Available engine backends:

  • DeterministicEngine
  • SequentialMonteCarlo
  • ParallelMonteCarlo

Standard usage:

from policyflux import build_engine

engine = build_engine(config)
engine.run()

Engine selection guide

Backend Best for Trade-off
DeterministicEngine baseline validation and debugging no distributional uncertainty
SequentialMonteCarlo medium sweeps with traceable execution slower wall-clock on large batches
ParallelMonteCarlo larger experiments on multi-core machines higher resource usage

Practical workflow

  1. Start with deterministic baseline.
  2. Validate configuration and metric behavior.
  3. Move to Monte Carlo for uncertainty estimates.
  4. Keep configuration versioned and seeds documented.

Deterministic baseline example

from policyflux import IntegrationConfig, LayerConfig, build_engine

config = IntegrationConfig(
    num_actors=80,
    policy_dim=2,
    iterations=150,
    seed=123,
    layer_config=LayerConfig(
        include_ideal_point=True,
        include_public_opinion=True,
        public_support=0.58,
    ),
)

engine = build_engine(config)
engine.run()
print(engine.pass_rate)

Seed-sweep uncertainty sketch

from policyflux import build_engine, create_parliamentary_config

rates = []
for seed in range(50, 75):
    config = create_parliamentary_config(
        num_actors=100,
        policy_dim=2,
        iterations=250,
        seed=seed,
    )
    engine = build_engine(config)
    engine.run()
    rates.append(engine.pass_rate)

print(f"mean={sum(rates)/len(rates):.1%}")
print(f"min={min(rates):.1%}, max={max(rates):.1%}")

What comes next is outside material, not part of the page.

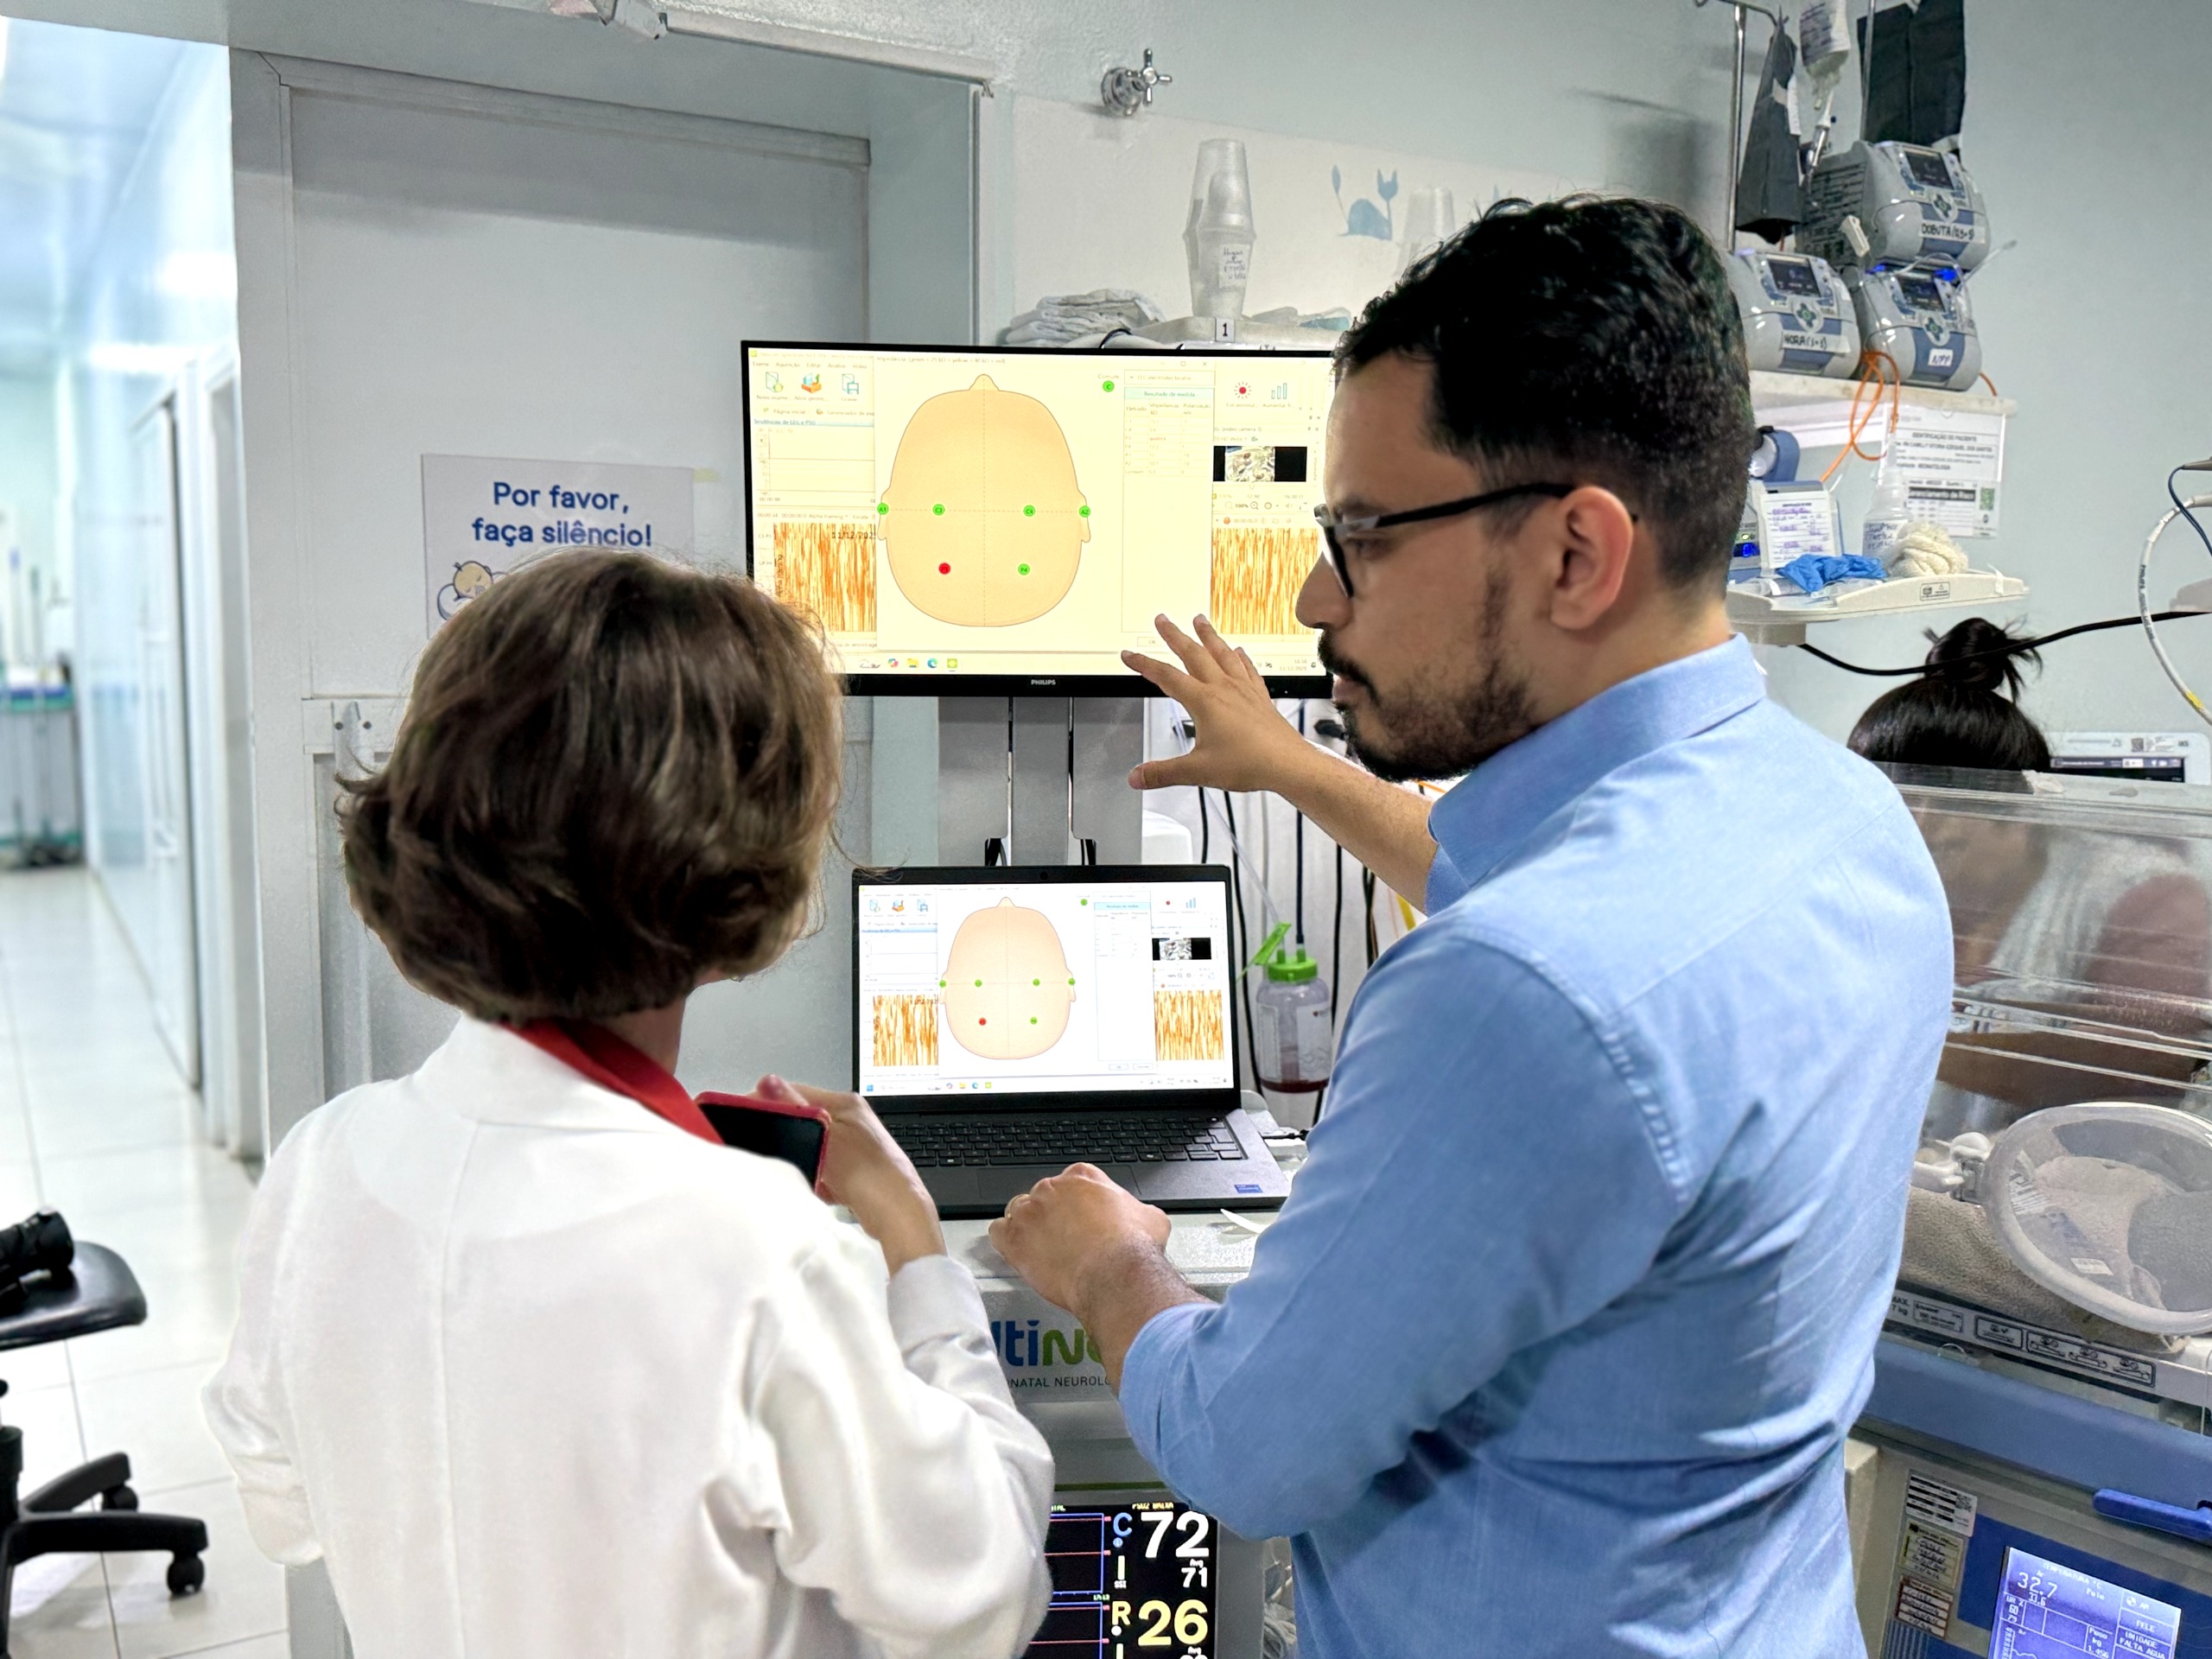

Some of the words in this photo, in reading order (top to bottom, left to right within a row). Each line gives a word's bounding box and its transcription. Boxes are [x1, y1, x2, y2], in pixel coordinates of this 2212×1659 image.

Even when using deterministic backend, seed sweeps provide a first uncertainty proxy.

Interpreting engine outputs

Focus on:

  • central tendency (average pass rate),
  • spread (min/max or quantiles),
  • stability across small parameter perturbations.

For robust comparisons, keep model scale and aggregation strategy unchanged across runs.